Today, Friday, May 15, 2009,  you may have awakened to a new reality.   Sure, the bacon sandwich you routinely clog your arteries with is still on the table.  As is the strongest coffee ever to be brewed on Planet Earth (Columbia 1  Gut 0).  And your dog has obediently peed on the carefully laid-out copy of your still-barely-hanging-in-there local newspaper.

No, everything looks to be normal today, but it isn't.  Not if you are an owner of a Chrysler-built vehicle (Dodge, Chrysler, Jeep, and Plymouth) and have a dealership you've come to trust and view as an important part of Life As You Know It.  If you had read that newspaper you might have gotten a clue as to your new predicament.

As you blithely gnaw on the last morsel of crusty bacon and slurp the last acid drop of coffee, you may be thinking that this weekend it might be wise to take the Dodge down for an oil change and have that odd noise diagnosed.  Little do you know that this might be the last time those thoughts form quite the same way in your overworked cranium.  You see, 'taking the Dodge down' will have a new meaning on Monday, and for every day thereafter.  

That place you bought your car, let's call it 'Arkham Dodge', has just received a letter from Chrysler.  The general manager - let's call him 'HP' has opened it and read the note from the corporate suit - let's call him 'Mr.

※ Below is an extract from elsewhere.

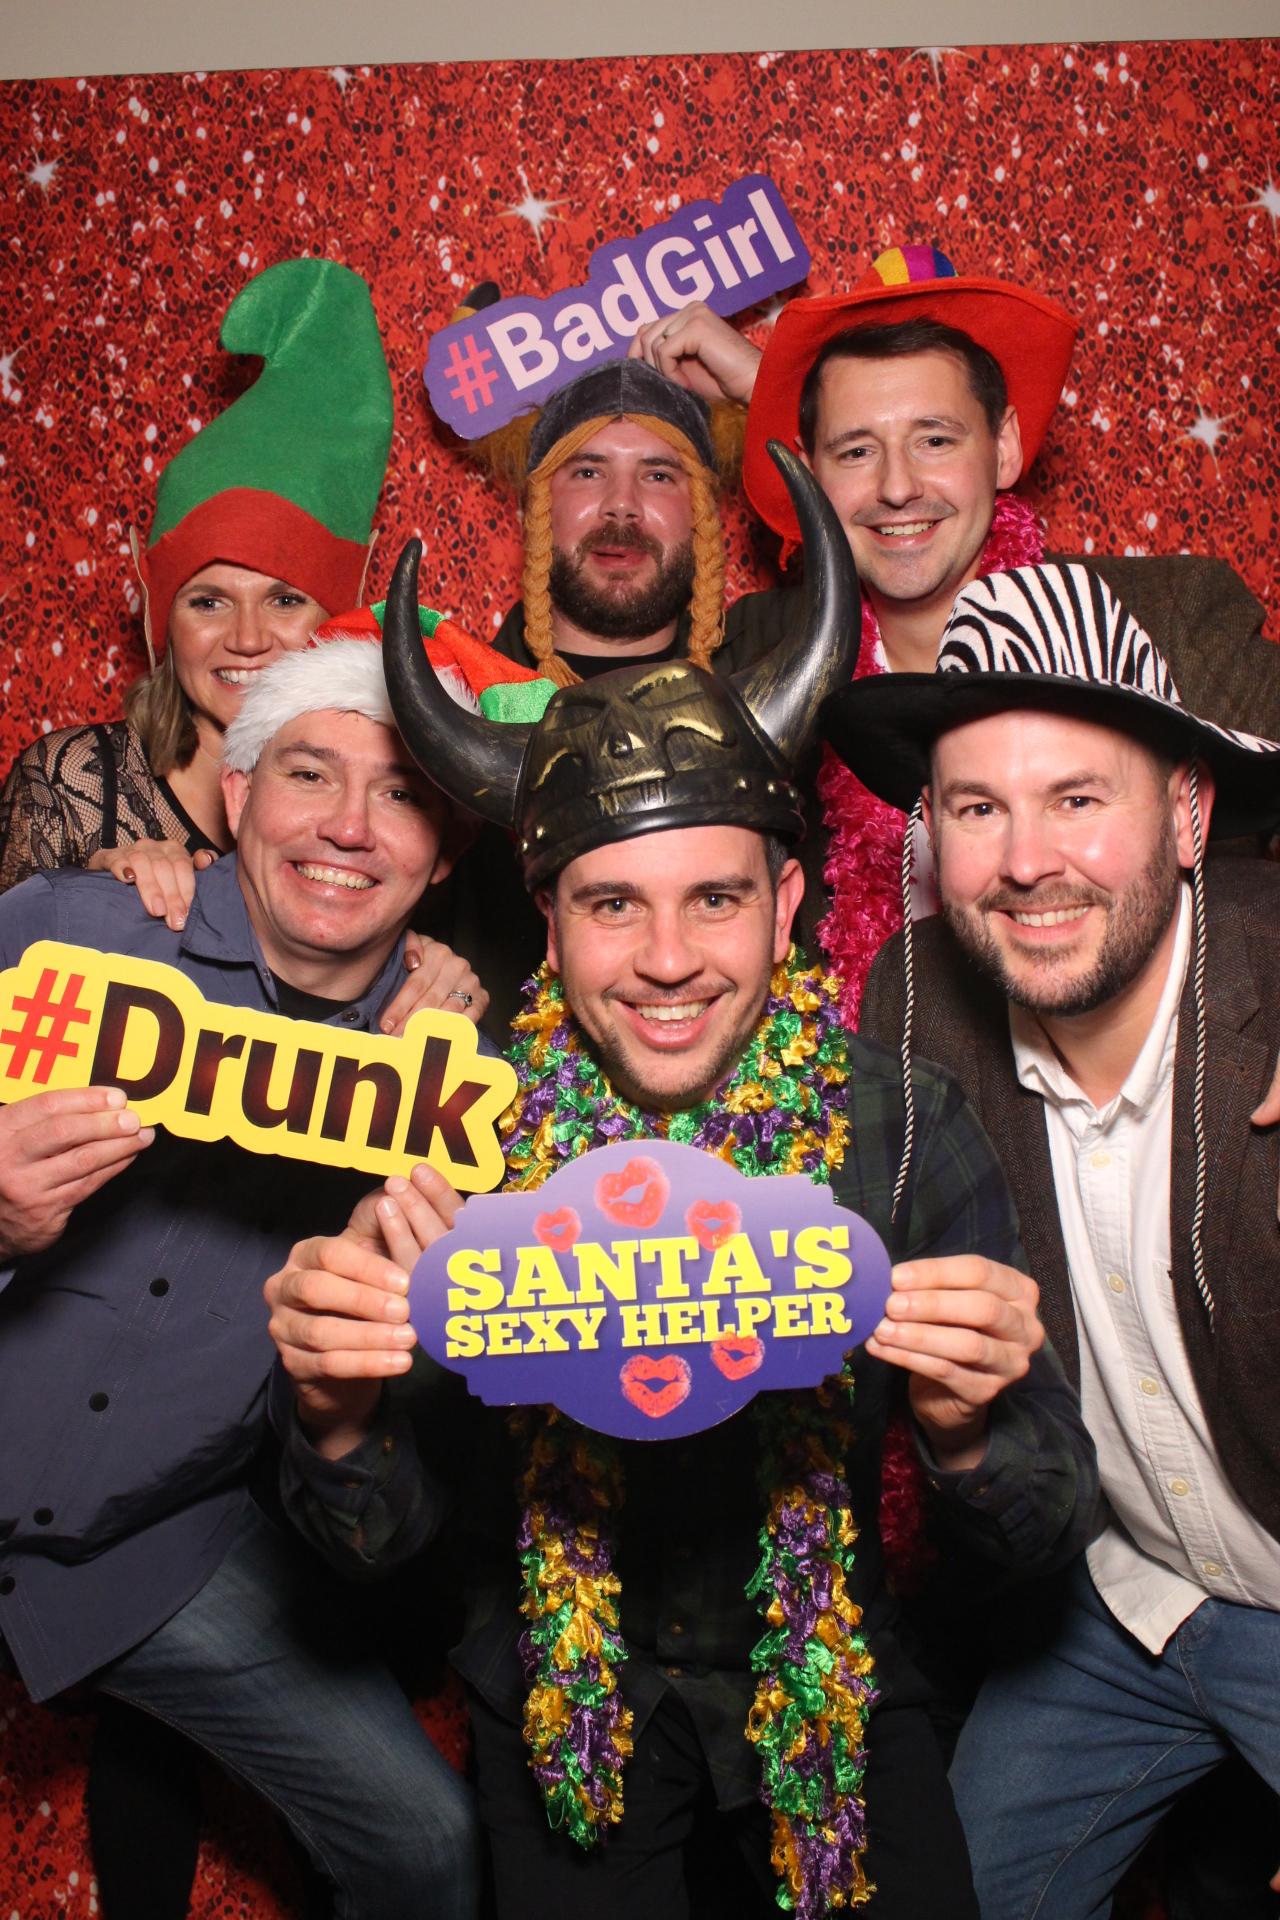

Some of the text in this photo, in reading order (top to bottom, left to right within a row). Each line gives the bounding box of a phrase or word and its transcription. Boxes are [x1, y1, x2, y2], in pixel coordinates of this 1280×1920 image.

Cthulhu' -  telling him that Arkham has been dropped as an authorized dealer.  Now HP has to tell his employees that their job-days are numbered and by the way, Have a Good Weekend.

HP and a skeleton staff may keep on keeping on for a while at Arkham, but soon you will need to take your Dodge elsewhere for factory service.  And if the old girl needs replacing with something brand new, you won't be able to get it from HP. 

But that's OK, there's another authorized dealer over in the next county.  About a half-hour's drive away.  Here's hoping they didn't (and won't) get any messages from Cthulhu...

Thursday, May 14, 2009

The Airport Shuffle

Traveling has its virtues and rewards, and, as Yang must follow Yin, it has its pitfalls and punishments too.  Getting to and through airports is a definitively Yang-like experience.

Just getting to the airport can be a hassle, unless you live under the flight path a quarter mile away, in which case you have bigger Yangs to fry.  

Do you drive yourself, take a taxi or shuttle, ask a friend?  If you are newly married your spouse will gladly take you.  If you've been married a year or more the option is permanently off the table.  And asking friends can lead to their sudden illness.  If you ask them so often they run out of believable diseases they may stop being your friend.  Or volunteer for extended jury duty.  

Shuttles are tough because they make several stops, seemingly randomly, and all over the map too.  If you have an 8 am flight they make need to pick you up at 4 am.   If you arrive at the airport at midnight and want a shuttle home, expect to get there as the sun is winking over the horizon, having toured for more miles than your flight.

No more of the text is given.